*** Supplied records ***

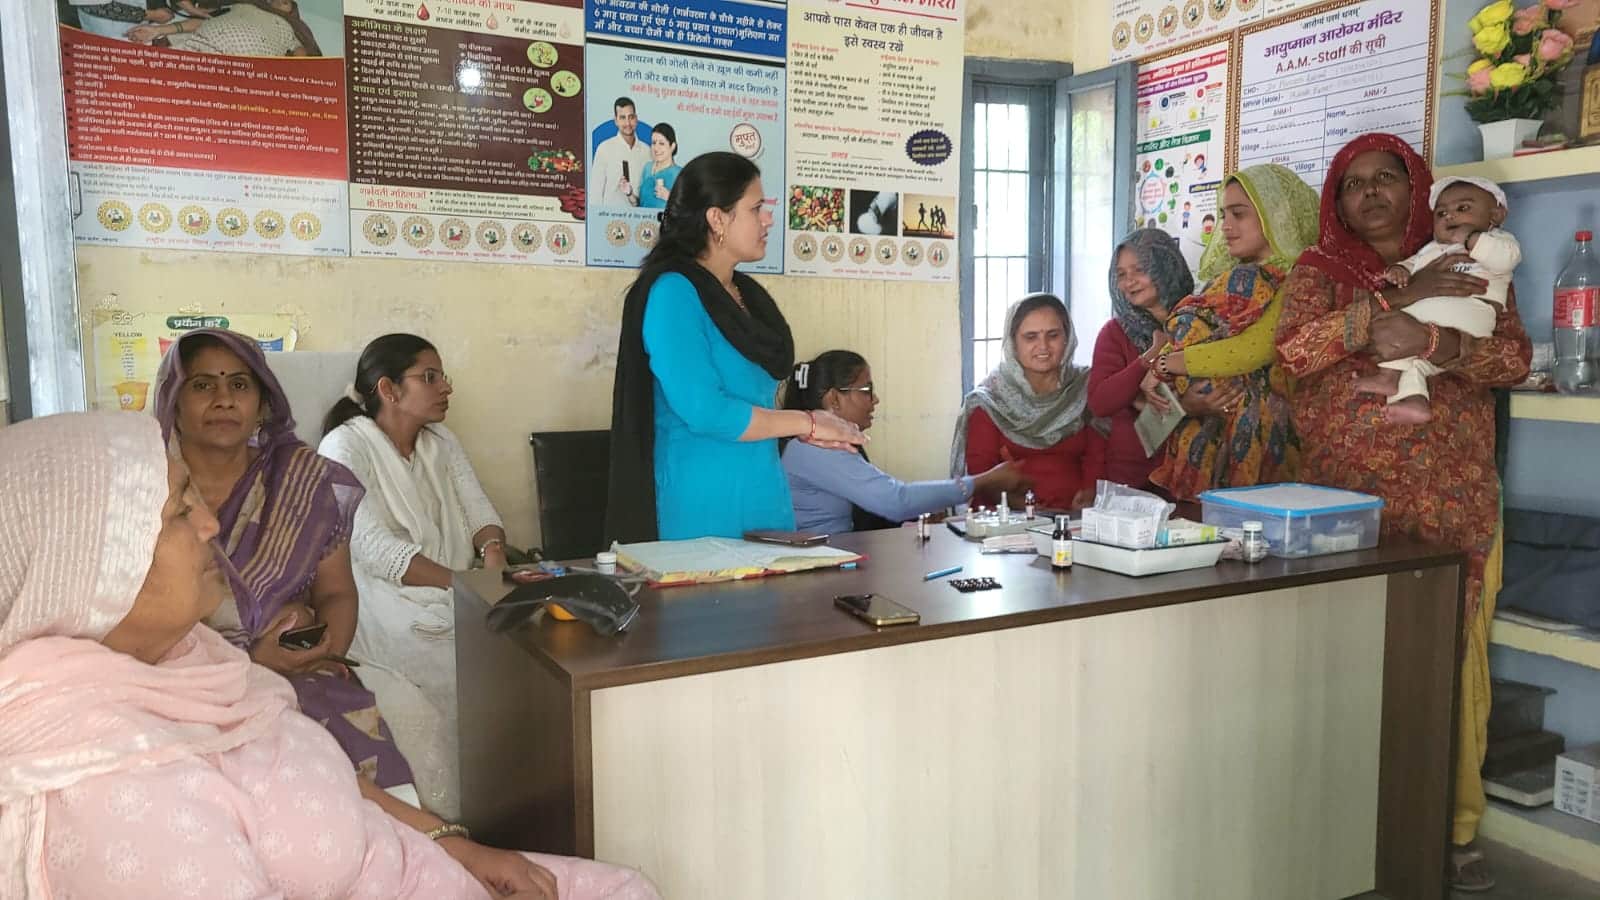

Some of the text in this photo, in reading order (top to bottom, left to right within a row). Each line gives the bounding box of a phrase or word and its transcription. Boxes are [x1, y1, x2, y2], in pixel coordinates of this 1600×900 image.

[594, 8, 599, 16] 6
[602, 9, 616, 19] माह
[676, 19, 689, 29] माह
[768, 32, 779, 41] मत
[638, 0, 647, 11] की
[650, 2, 669, 14] गोली
[709, 11, 716, 21] के
[757, 18, 764, 28] से
[766, 19, 782, 30] लेकर
[804, 9, 942, 40] आपके पास केवल एक ही जीवन है
[351, 18, 390, 31] अनीमिया
[394, 23, 402, 33] के
[607, 21, 621, 32] और
[665, 29, 673, 39] को
[677, 30, 683, 40] ही
[686, 32, 710, 44] मिलेगी
[1264, 9, 1404, 58] आयुष्मान आरोग्य मंदिर
[844, 34, 858, 47] इसे
[861, 38, 885, 50] स्वस्थ
[1349, 40, 1362, 55] की
[1366, 35, 1386, 54] सूची
[624, 53, 653, 65] आयरन
[656, 57, 666, 67] की
[670, 58, 689, 69] गोली
[691, 61, 704, 71] लेने
[706, 62, 713, 72] से
[733, 66, 743, 76] की
[745, 67, 760, 78] कमी
[624, 69, 641, 80] होती
[644, 72, 659, 82] और
[680, 76, 688, 85] के
[746, 83, 770, 95] मिलती
[772, 86, 777, 95] है
[1363, 86, 1387, 98] ANM-2
[378, 87, 389, 96] एवं
[393, 88, 417, 98] इलाज
[1327, 110, 1346, 119] Name
[1241, 127, 1258, 135] Name
[174, 317, 222, 329] प्रयोग करें

*** End of Supplied records ***

→ **Task to carry out**
Set the records down again exactly as given, and leave the pictures out.

→ **Solution to this exercise**
Some of the text in this photo, in reading order (top to bottom, left to right within a row). Each line gives the bounding box of a phrase or word and its transcription. Boxes are [x1, y1, x2, y2], in pixel coordinates of this 1600×900 image.

[594, 8, 599, 16] 6
[602, 9, 616, 19] माह
[676, 19, 689, 29] माह
[768, 32, 779, 41] मत
[638, 0, 647, 11] की
[650, 2, 669, 14] गोली
[709, 11, 716, 21] के
[757, 18, 764, 28] से
[766, 19, 782, 30] लेकर
[804, 9, 942, 40] आपके पास केवल एक ही जीवन है
[351, 18, 390, 31] अनीमिया
[394, 23, 402, 33] के
[607, 21, 621, 32] और
[665, 29, 673, 39] को
[677, 30, 683, 40] ही
[686, 32, 710, 44] मिलेगी
[1264, 9, 1404, 58] आयुष्मान आरोग्य मंदिर
[844, 34, 858, 47] इसे
[861, 38, 885, 50] स्वस्थ
[1349, 40, 1362, 55] की
[1366, 35, 1386, 54] सूची
[624, 53, 653, 65] आयरन
[656, 57, 666, 67] की
[670, 58, 689, 69] गोली
[691, 61, 704, 71] लेने
[706, 62, 713, 72] से
[733, 66, 743, 76] की
[745, 67, 760, 78] कमी
[624, 69, 641, 80] होती
[644, 72, 659, 82] और
[680, 76, 688, 85] के
[746, 83, 770, 95] मिलती
[772, 86, 777, 95] है
[1363, 86, 1387, 98] ANM-2
[378, 87, 389, 96] एवं
[393, 88, 417, 98] इलाज
[1327, 110, 1346, 119] Name
[1241, 127, 1258, 135] Name
[174, 317, 222, 329] प्रयोग करें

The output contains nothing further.